Please show every line in the entries below that includes the word "under".

--- Given records Enclosed Below ---

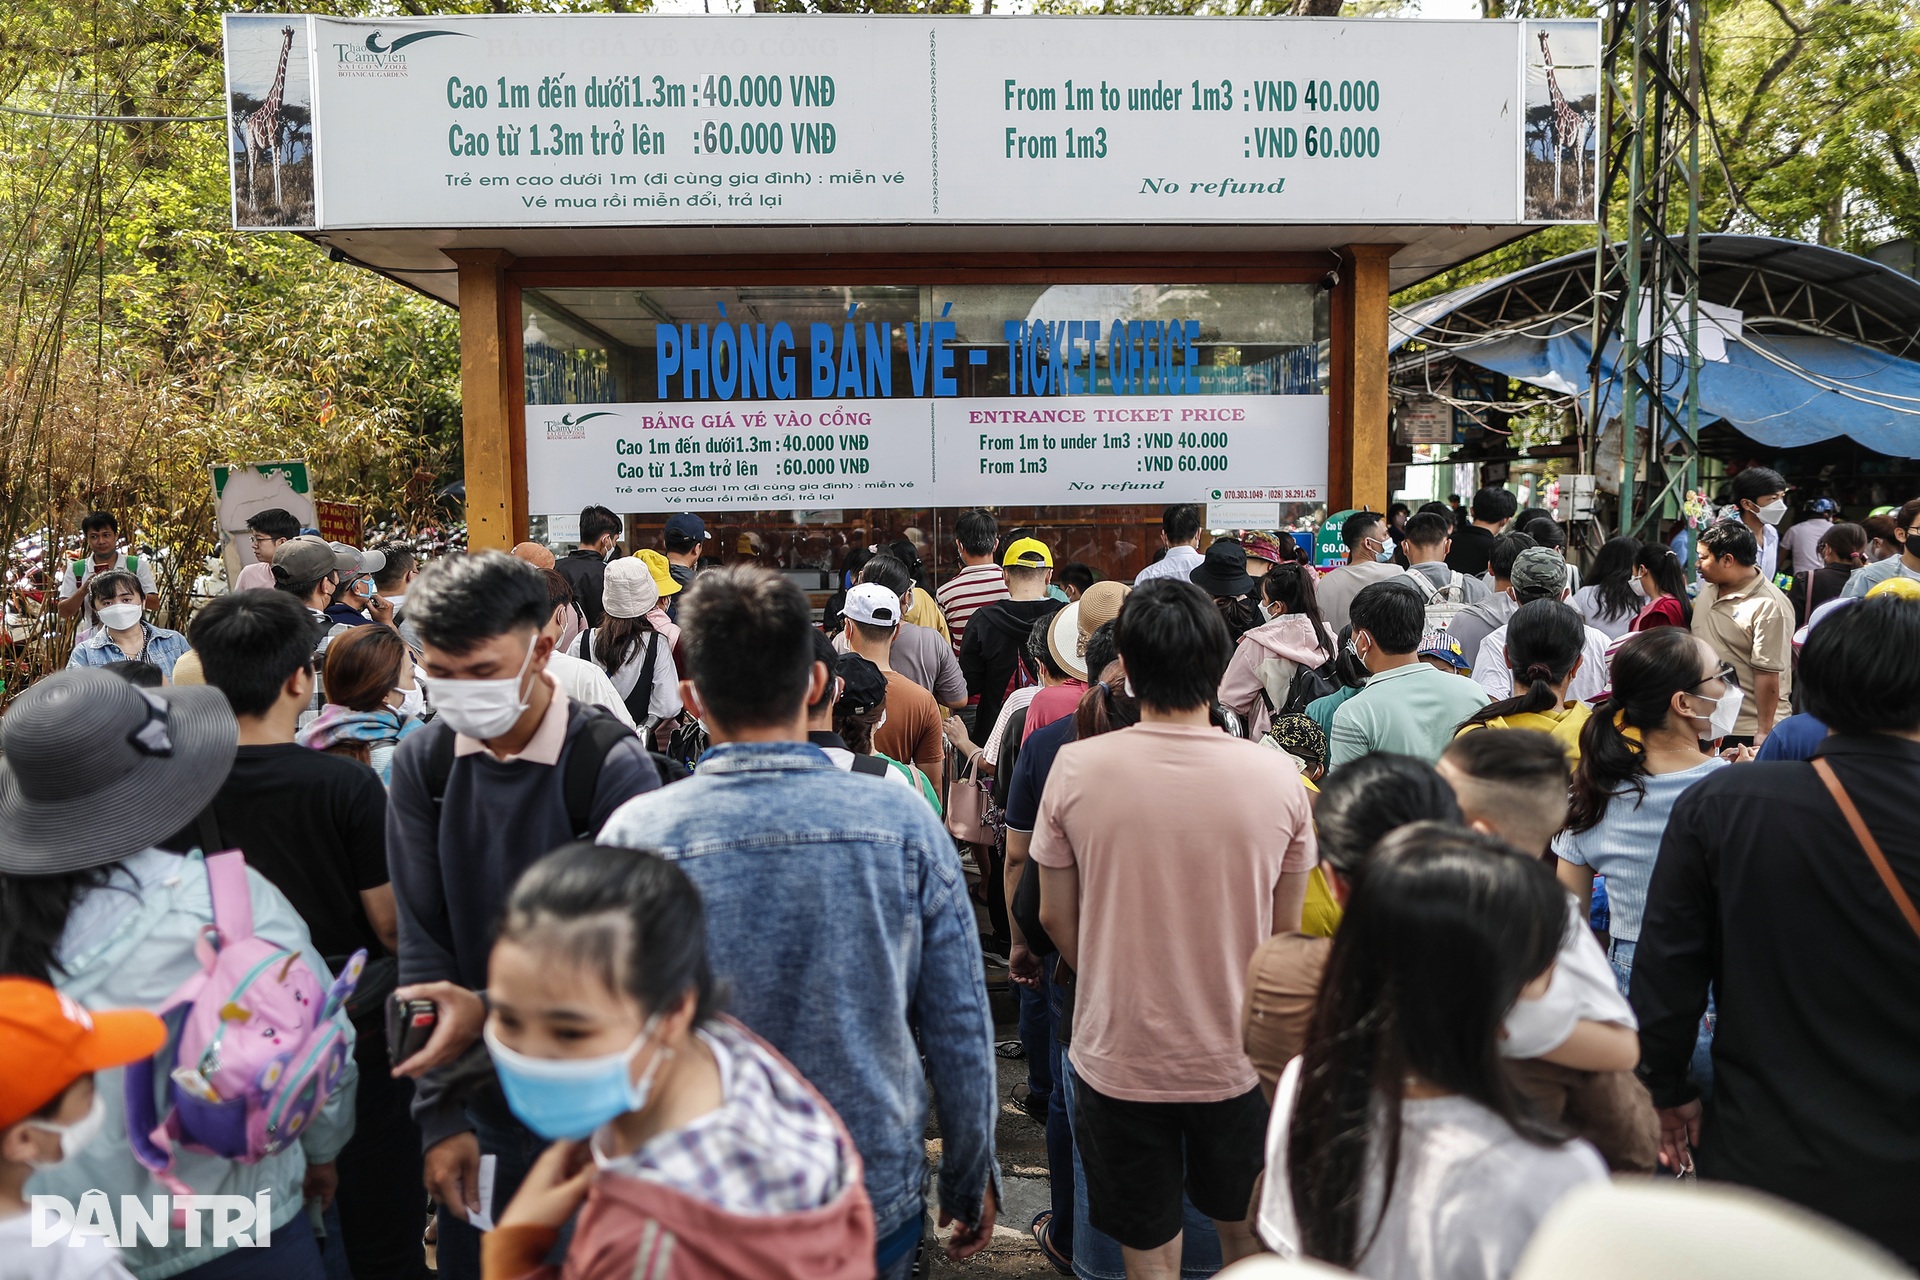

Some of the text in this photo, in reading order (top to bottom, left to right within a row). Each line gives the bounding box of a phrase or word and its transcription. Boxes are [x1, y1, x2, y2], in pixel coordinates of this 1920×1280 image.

[447, 76, 488, 109] Cao
[498, 77, 529, 108] 1m
[538, 73, 576, 108] đến
[790, 76, 835, 106] VNĐ
[1005, 80, 1055, 111] From
[1065, 80, 1093, 110] 1m
[1100, 81, 1120, 111] to
[1128, 80, 1182, 111] under
[1192, 80, 1232, 111] 1m3
[1305, 80, 1379, 111] 40.000
[449, 124, 490, 156] Cao
[497, 124, 521, 156] từ
[530, 124, 583, 155] 1.3m
[591, 120, 624, 155] trở
[633, 123, 664, 155] lên
[791, 123, 836, 154] VNĐ
[1006, 128, 1056, 158] From
[1066, 127, 1107, 158] 1m3
[1305, 125, 1379, 158] 60.000
[445, 172, 472, 186] Trẻ
[480, 177, 509, 186] em
[516, 177, 553, 185] cao
[560, 173, 601, 185] dưới
[611, 174, 636, 184] 1m
[644, 173, 667, 186] (đi
[674, 172, 722, 187] cùng
[729, 173, 758, 187] gia
[765, 172, 811, 185] đình)
[830, 169, 875, 183] miễn
[882, 172, 904, 183] vé
[1139, 178, 1285, 197] No refund
[522, 191, 781, 207] Vé mua rồi miễn đổi, trả lại
[656, 301, 796, 400] PHÒNG
[810, 302, 892, 398] BÁN
[905, 302, 957, 397] VÉ
[1004, 319, 1100, 396] TICKET
[1109, 318, 1199, 396] OFFICE
[642, 405, 871, 429] BẢNG GIÁ VÉ VÀO CỔNG
[969, 409, 1245, 423] ENTRANCE TICKET PRICE
[617, 439, 642, 455] Cao
[649, 439, 670, 454] 1m
[675, 436, 700, 453] đến
[839, 435, 868, 450] VNĐ
[980, 435, 1013, 450] From
[1020, 434, 1038, 449] 1m
[1043, 435, 1056, 449] to
[1061, 434, 1097, 449] under
[1103, 433, 1130, 448] 1m3
[1178, 432, 1228, 448] 40.000
[618, 462, 643, 478] Cao
[648, 462, 664, 478] từ
[670, 461, 704, 477] 1.3m
[709, 459, 731, 476] trở
[737, 460, 757, 476] lên
[840, 458, 869, 474] VNĐ
[981, 458, 1013, 473] From
[1020, 457, 1047, 473] 1m3
[1179, 455, 1227, 471] 60.000
[1068, 481, 1164, 491] No refund
[1225, 490, 1263, 499] 070.303.1049
[1269, 490, 1283, 499] (028)
[1285, 490, 1316, 498] 38.291.425
[1325, 521, 1336, 531] Cao

--- End of Enclosed Given records ---

Your solution:
[1128, 80, 1182, 111] under
[1061, 434, 1097, 449] under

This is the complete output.